- [DATA FOR REVIEW]:
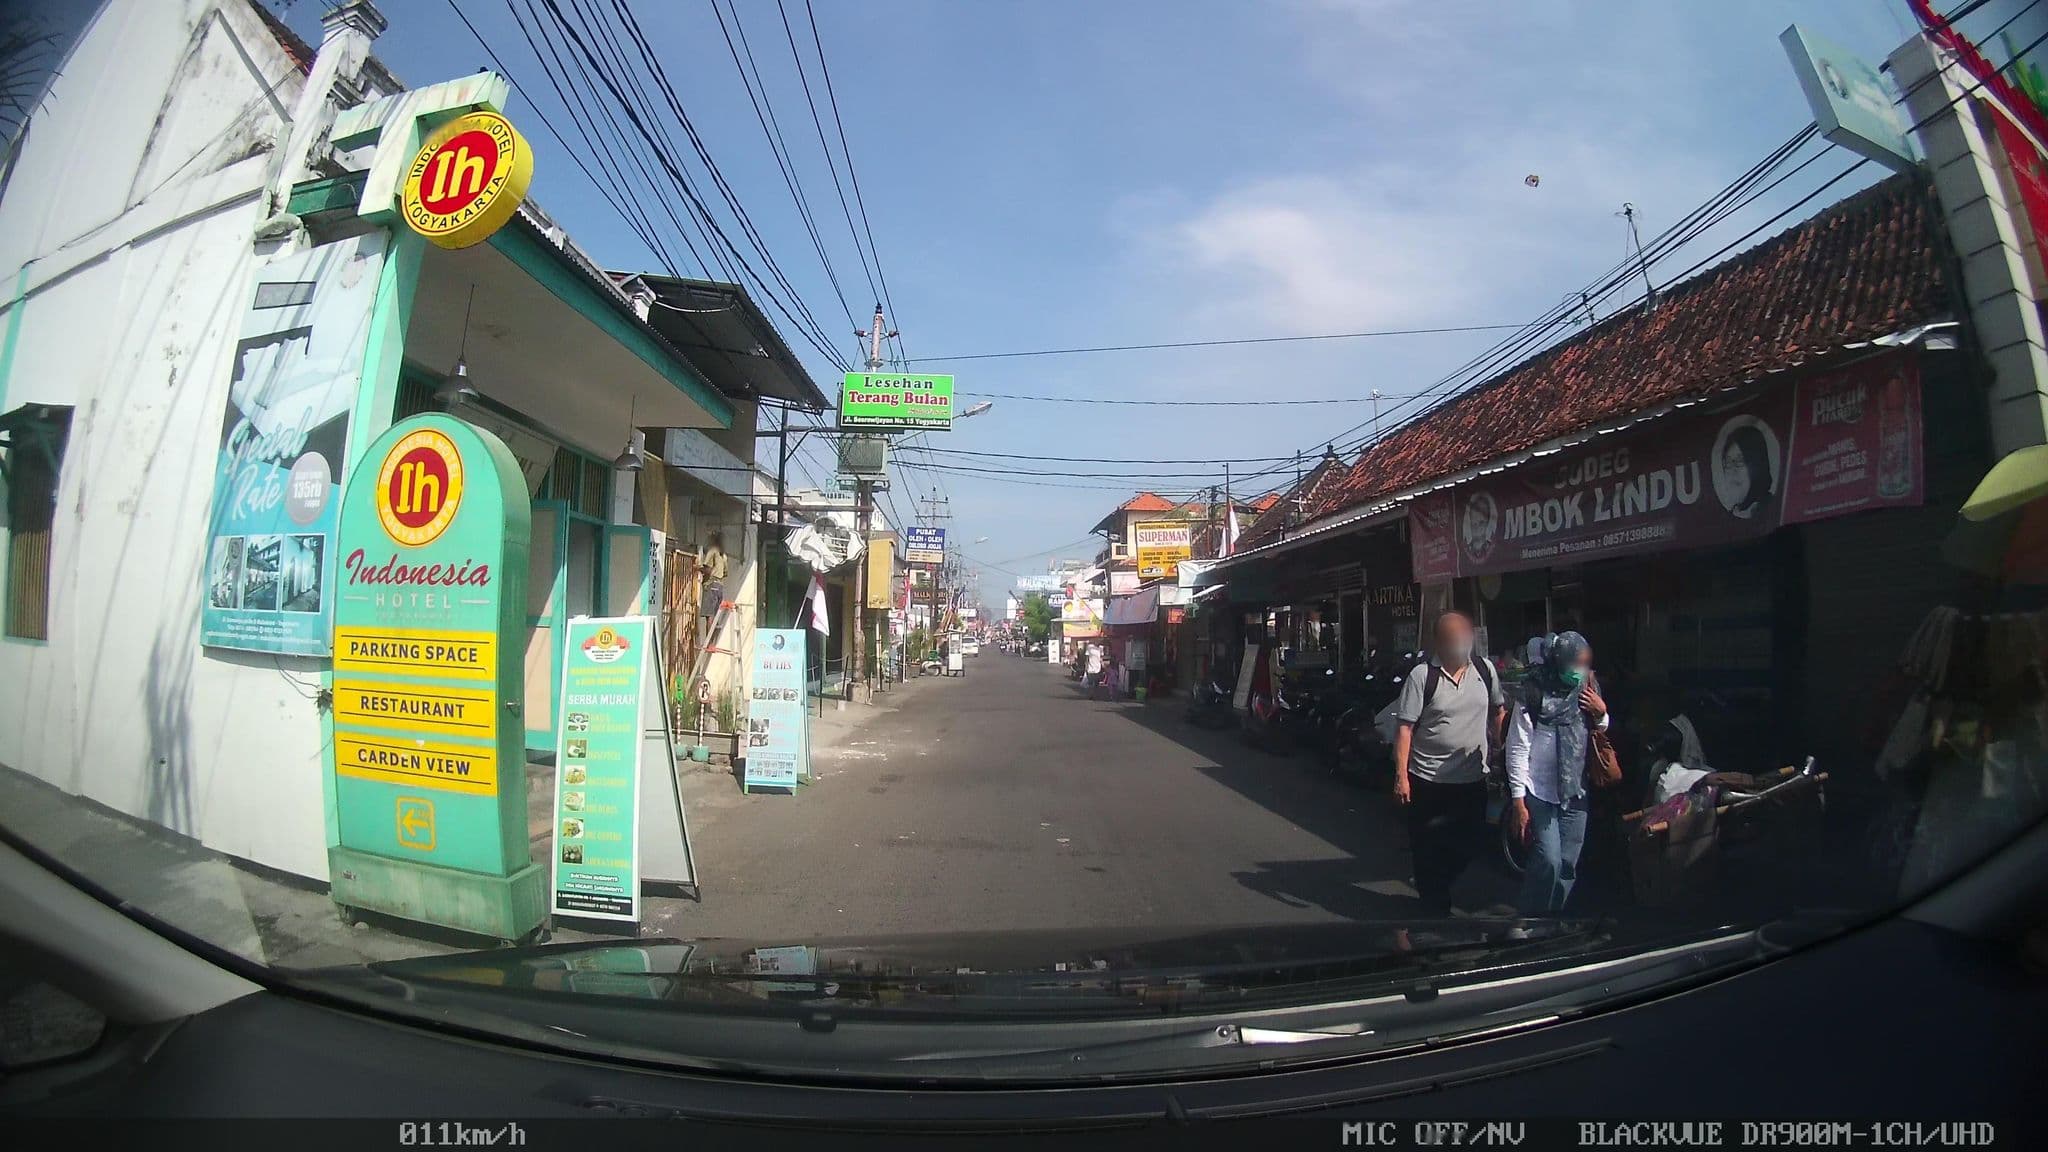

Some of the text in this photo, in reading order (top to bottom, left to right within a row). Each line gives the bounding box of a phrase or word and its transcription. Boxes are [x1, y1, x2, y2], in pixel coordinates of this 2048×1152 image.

[426, 146, 486, 203] Ih
[408, 176, 505, 229] YOGYAKARTA
[864, 376, 934, 390] Lesehan
[848, 391, 948, 406] Terang Bulan
[224, 405, 313, 481] Special
[232, 456, 285, 521] Rate
[395, 461, 440, 514] Ih
[1503, 460, 1701, 541] MBOK LINDU
[1139, 530, 1188, 543] SUPERMAN
[1559, 539, 1597, 554] Pesanan
[345, 547, 491, 588] Indonesia
[375, 592, 453, 610] HOTEL
[350, 641, 478, 663] PARKING SPACE
[359, 695, 466, 720] RESTAURANT
[568, 693, 636, 705] SERBA MURAH
[424, 756, 471, 776] VIEW

- [PROBLEM TO WORK ON]: Word for word, restate the whole listing and drop the images.

- [SOLUTION FOR THIS TASK]:
Some of the text in this photo, in reading order (top to bottom, left to right within a row). Each line gives the bounding box of a phrase or word and its transcription. Boxes are [x1, y1, x2, y2], in pixel coordinates of this 2048×1152 image.

[426, 146, 486, 203] Ih
[408, 176, 505, 229] YOGYAKARTA
[864, 376, 934, 390] Lesehan
[848, 391, 948, 406] Terang Bulan
[224, 405, 313, 481] Special
[232, 456, 285, 521] Rate
[395, 461, 440, 514] Ih
[1503, 460, 1701, 541] MBOK LINDU
[1139, 530, 1188, 543] SUPERMAN
[1559, 539, 1597, 554] Pesanan
[345, 547, 491, 588] Indonesia
[375, 592, 453, 610] HOTEL
[350, 641, 478, 663] PARKING SPACE
[359, 695, 466, 720] RESTAURANT
[568, 693, 636, 705] SERBA MURAH
[424, 756, 471, 776] VIEW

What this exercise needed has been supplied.